**WHAT THIS TASK INVOLVES:**
Set down all of the records below exactly, please, omitting the images.

**DATA SUPPLIED:**
▬▬▬▬▬▬▬▬▬▬

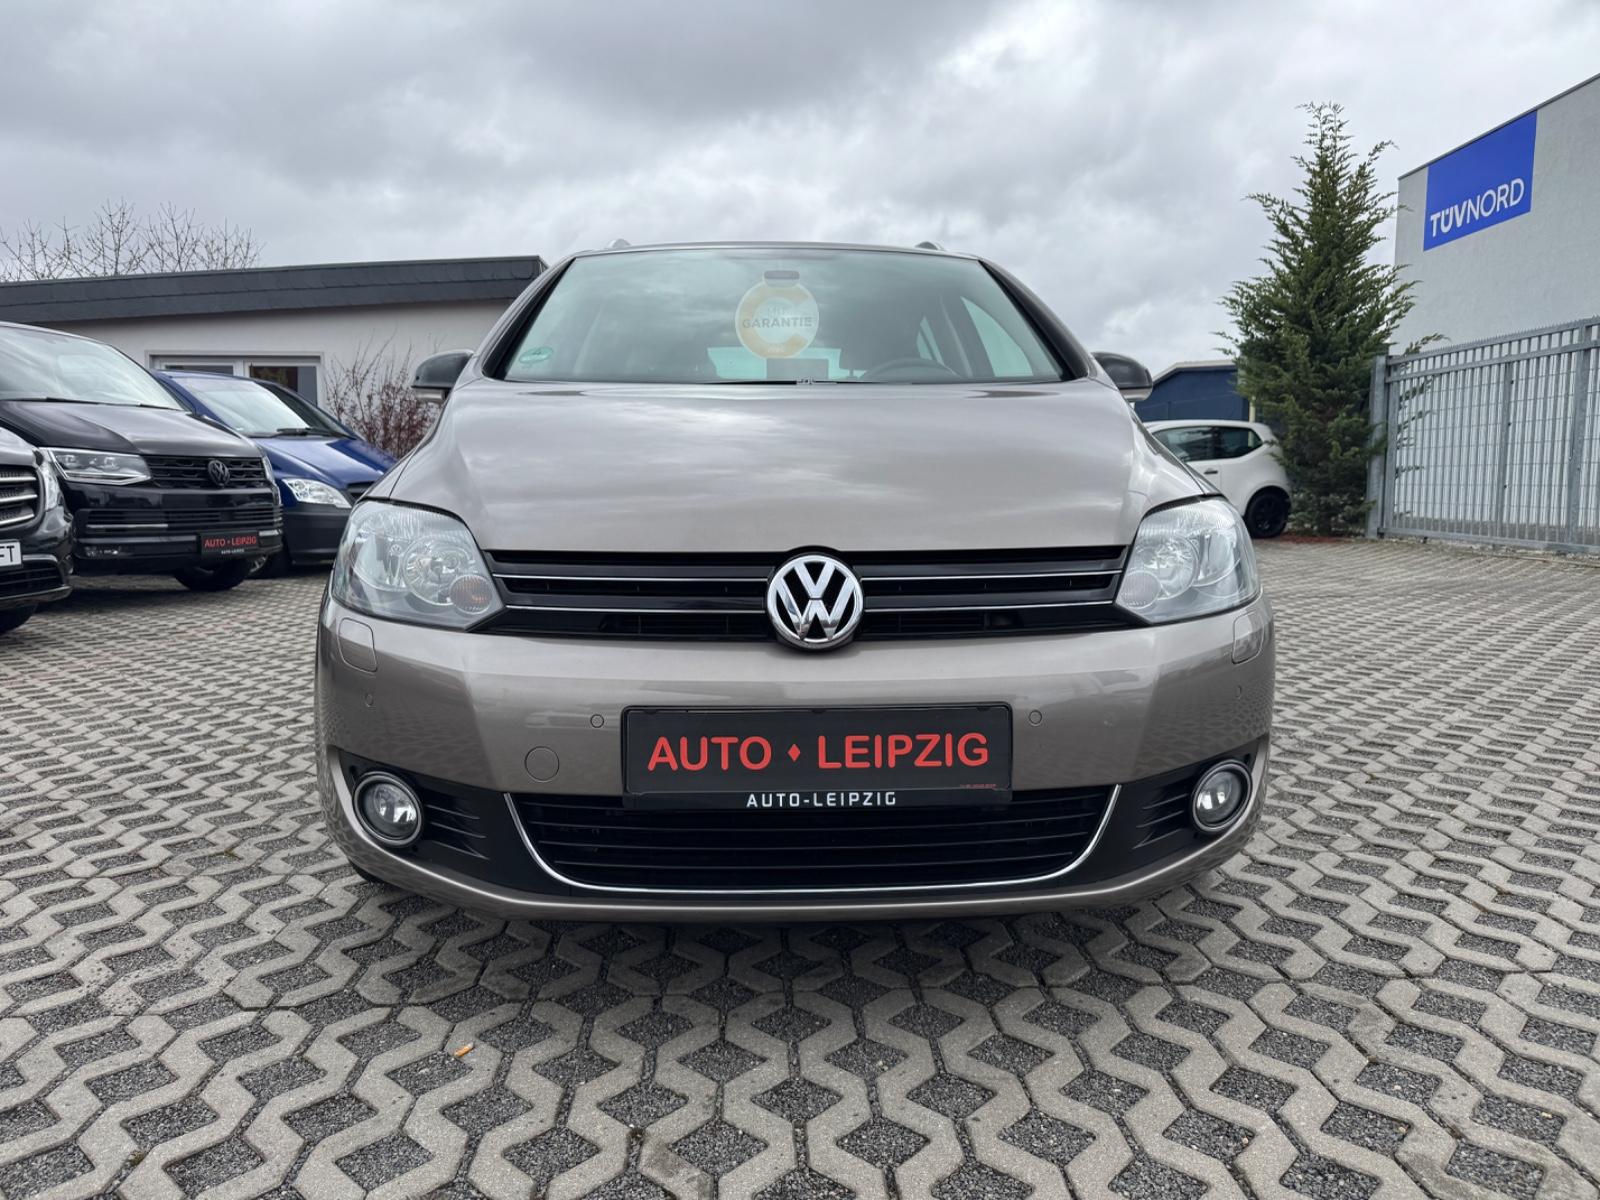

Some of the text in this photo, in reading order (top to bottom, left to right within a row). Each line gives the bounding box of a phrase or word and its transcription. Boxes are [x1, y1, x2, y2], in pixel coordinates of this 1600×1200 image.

[742, 316, 813, 328] GARANTIE
[204, 538, 226, 548] AUTO
[767, 555, 863, 649] VW
[647, 732, 988, 771] AUTO LEIPZIG
[746, 791, 896, 808] AUTO-LEIPZIG
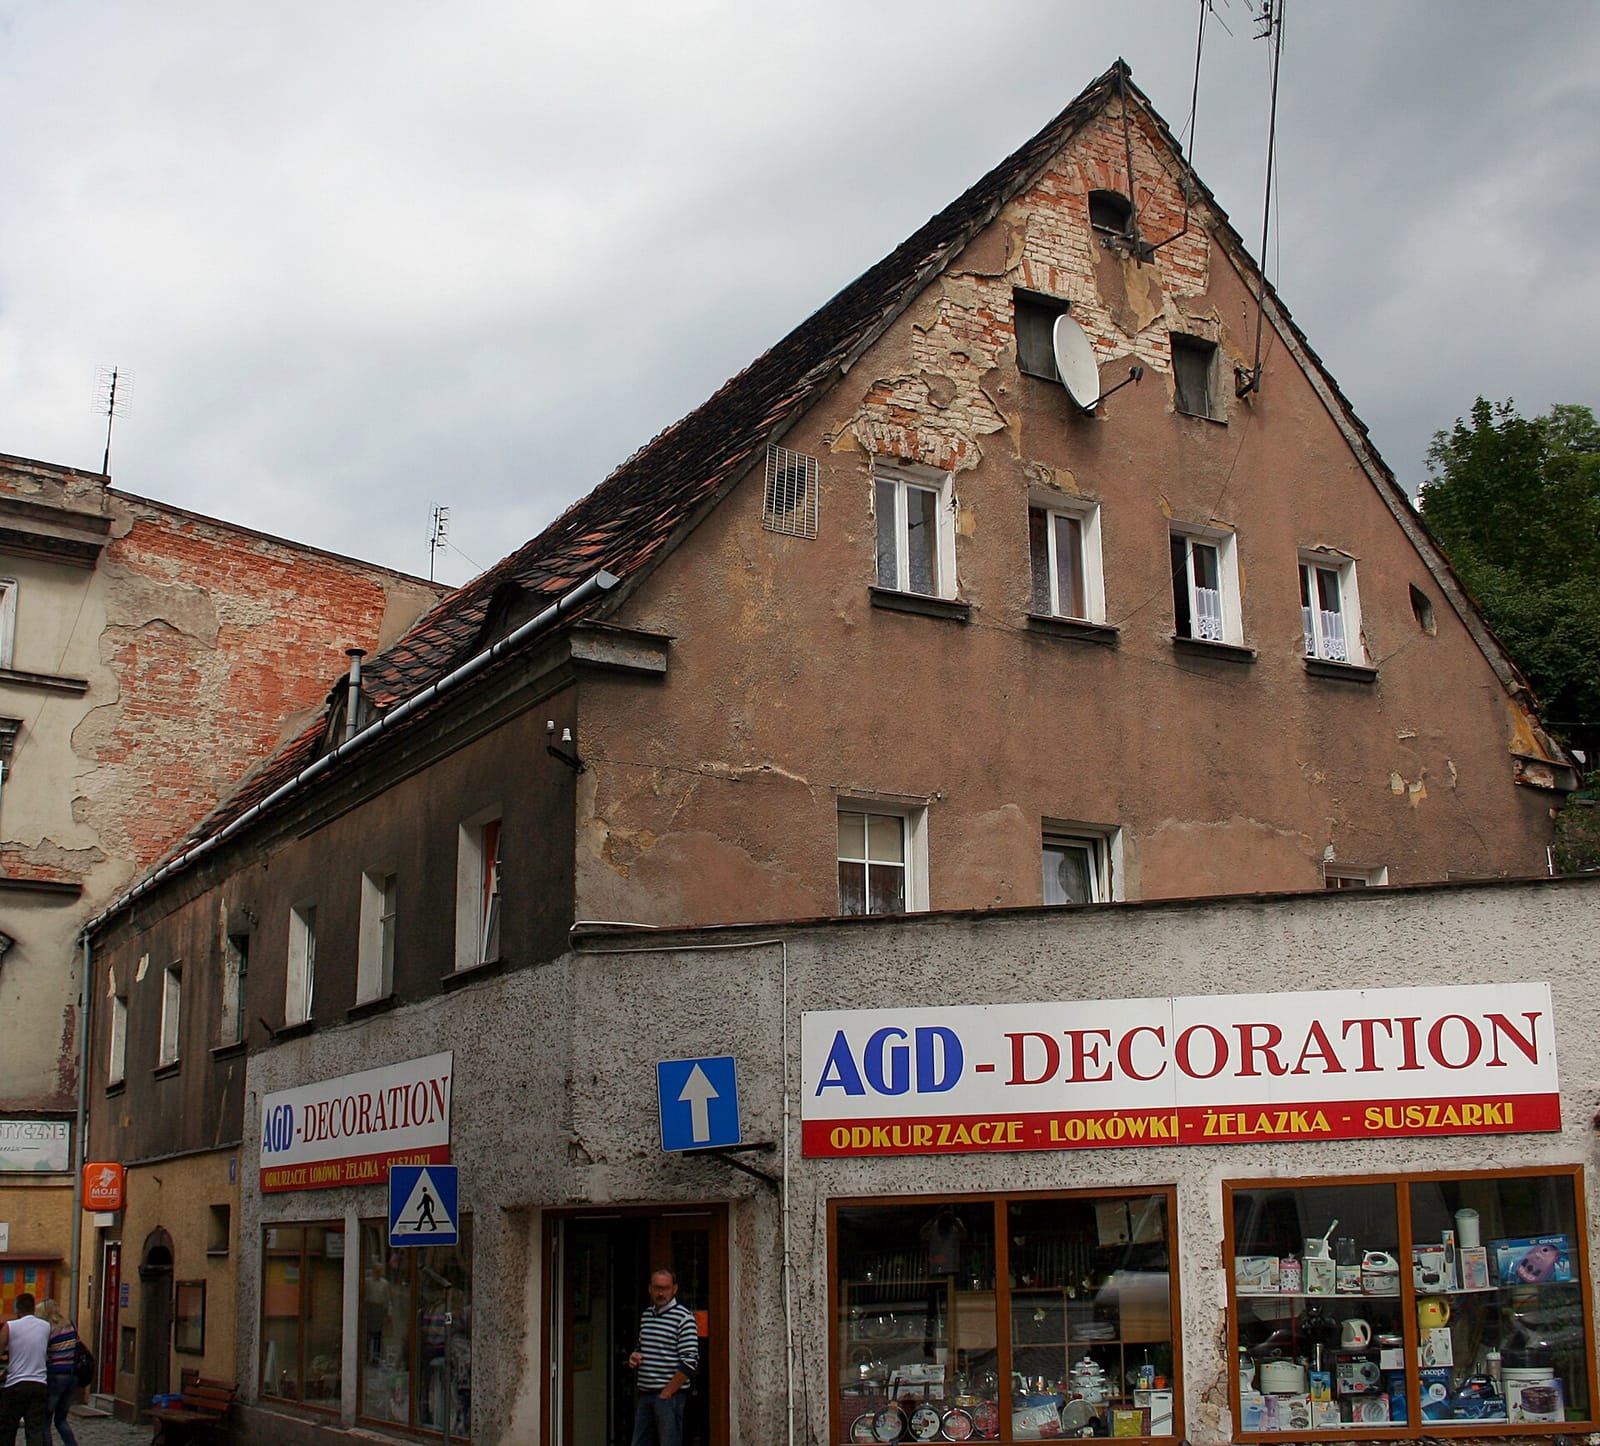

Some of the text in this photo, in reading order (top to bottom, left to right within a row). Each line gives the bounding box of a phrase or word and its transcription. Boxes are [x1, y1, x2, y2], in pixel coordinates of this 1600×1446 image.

[814, 1026, 964, 1097] AGD
[1003, 1012, 1543, 1087] DECORATION
[262, 1104, 294, 1153] AGD
[303, 1076, 449, 1143] DECORATION
[0, 1123, 65, 1139] TYCZNE
[830, 1120, 1024, 1149] ODKURZACZE
[1049, 1111, 1179, 1142] LOKÓWKI
[1202, 1108, 1331, 1137] ŻELAZKA
[1364, 1102, 1514, 1130] SUSZARKI
[345, 1160, 380, 1179] ŻELAZKA
[91, 1187, 119, 1195] MOJE
[1420, 1368, 1446, 1377] oncept
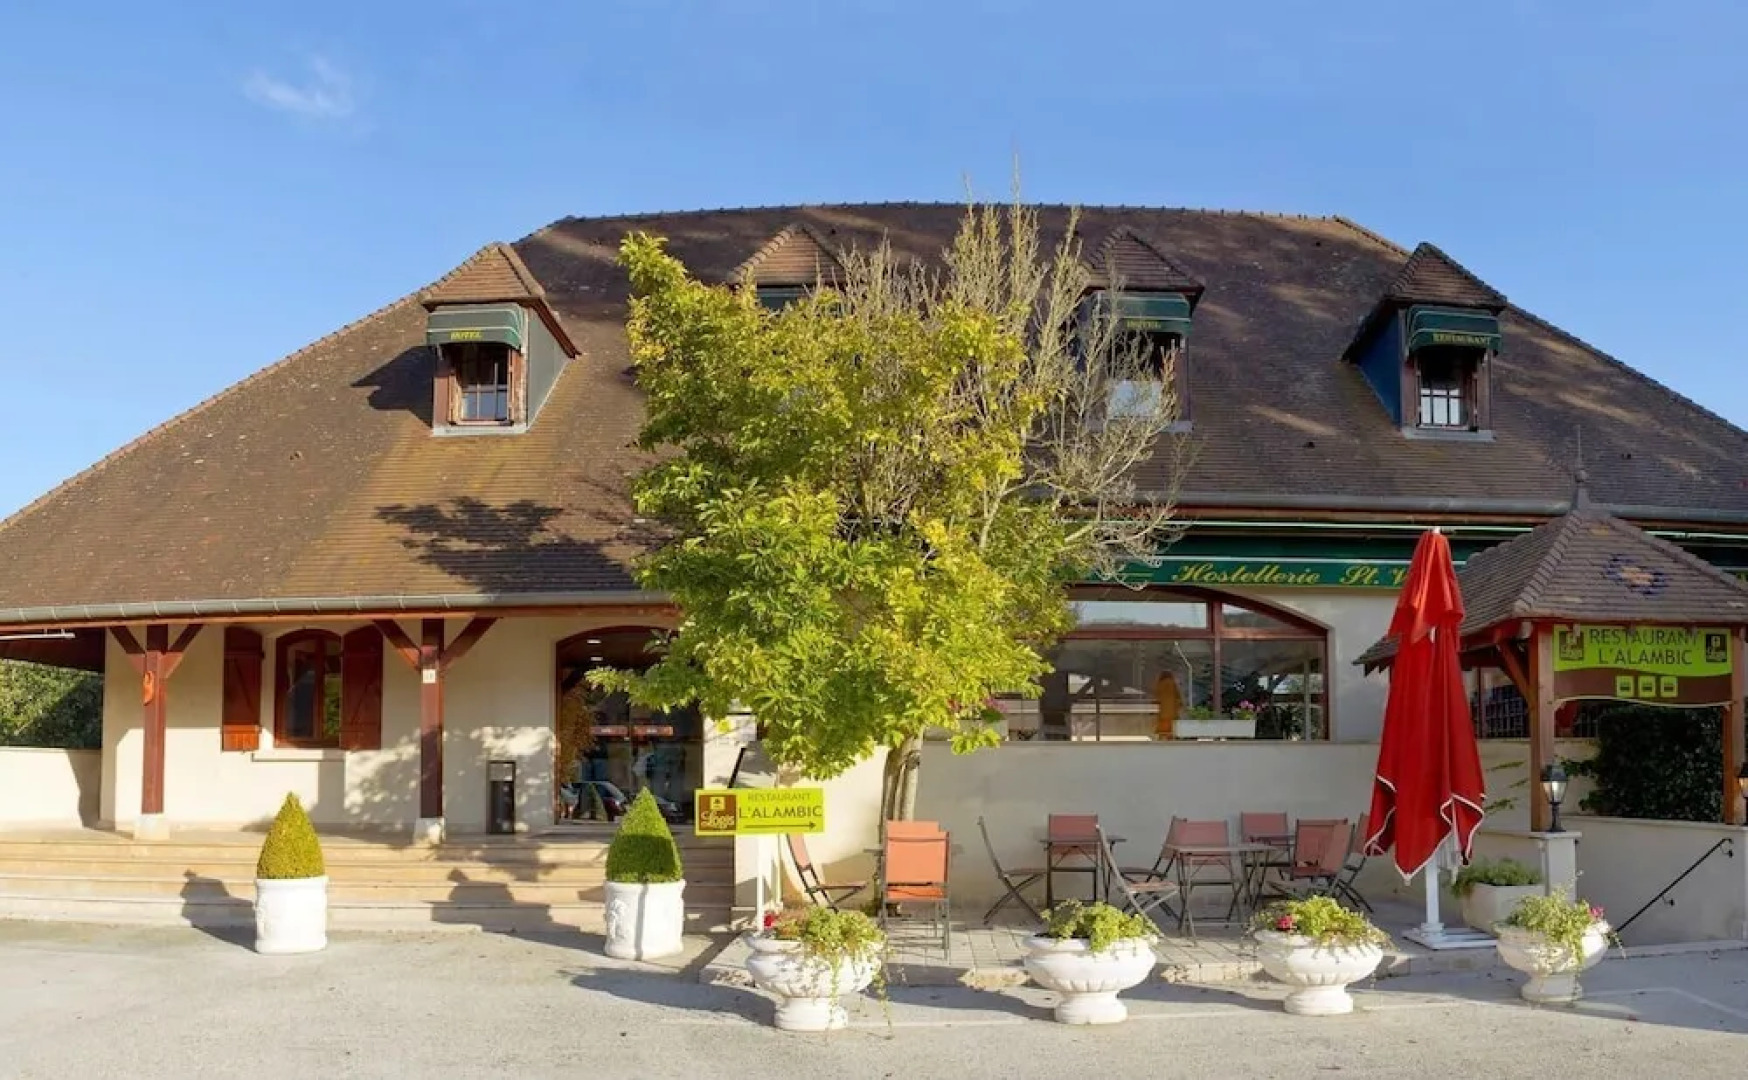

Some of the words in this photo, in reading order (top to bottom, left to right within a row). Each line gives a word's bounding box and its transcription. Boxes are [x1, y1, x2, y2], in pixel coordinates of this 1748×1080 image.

▬▬▬▬▬▬▬▬▬▬

**TASK RESPONSE:**
Some of the text in this photo, in reading order (top to bottom, left to right within a row). Each line gives the bounding box of a phrase or word and its transcription. Boxes are [x1, y1, x2, y2], in pixel coordinates of this 1600×1200 image.

[742, 316, 813, 328] GARANTIE
[204, 538, 226, 548] AUTO
[767, 555, 863, 649] VW
[647, 732, 988, 771] AUTO LEIPZIG
[746, 791, 896, 808] AUTO-LEIPZIG

Some of the text in this photo, in reading order (top to bottom, left to right within a row). Each line gives the bounding box of a phrase or word and its transcription. Boxes are [x1, y1, x2, y2], in pixel coordinates of this 1600×1446 image.

[814, 1026, 964, 1097] AGD
[1003, 1012, 1543, 1087] DECORATION
[262, 1104, 294, 1153] AGD
[303, 1076, 449, 1143] DECORATION
[0, 1123, 65, 1139] TYCZNE
[830, 1120, 1024, 1149] ODKURZACZE
[1049, 1111, 1179, 1142] LOKÓWKI
[1202, 1108, 1331, 1137] ŻELAZKA
[1364, 1102, 1514, 1130] SUSZARKI
[345, 1160, 380, 1179] ŻELAZKA
[91, 1187, 119, 1195] MOJE
[1420, 1368, 1446, 1377] oncept

Some of the words in this photo, in reading order (top to bottom, left to right within a row). Each line gives a word's bounding box and its transcription. Boxes are [x1, y1, x2, y2], in pixel coordinates of this 1748×1080 image.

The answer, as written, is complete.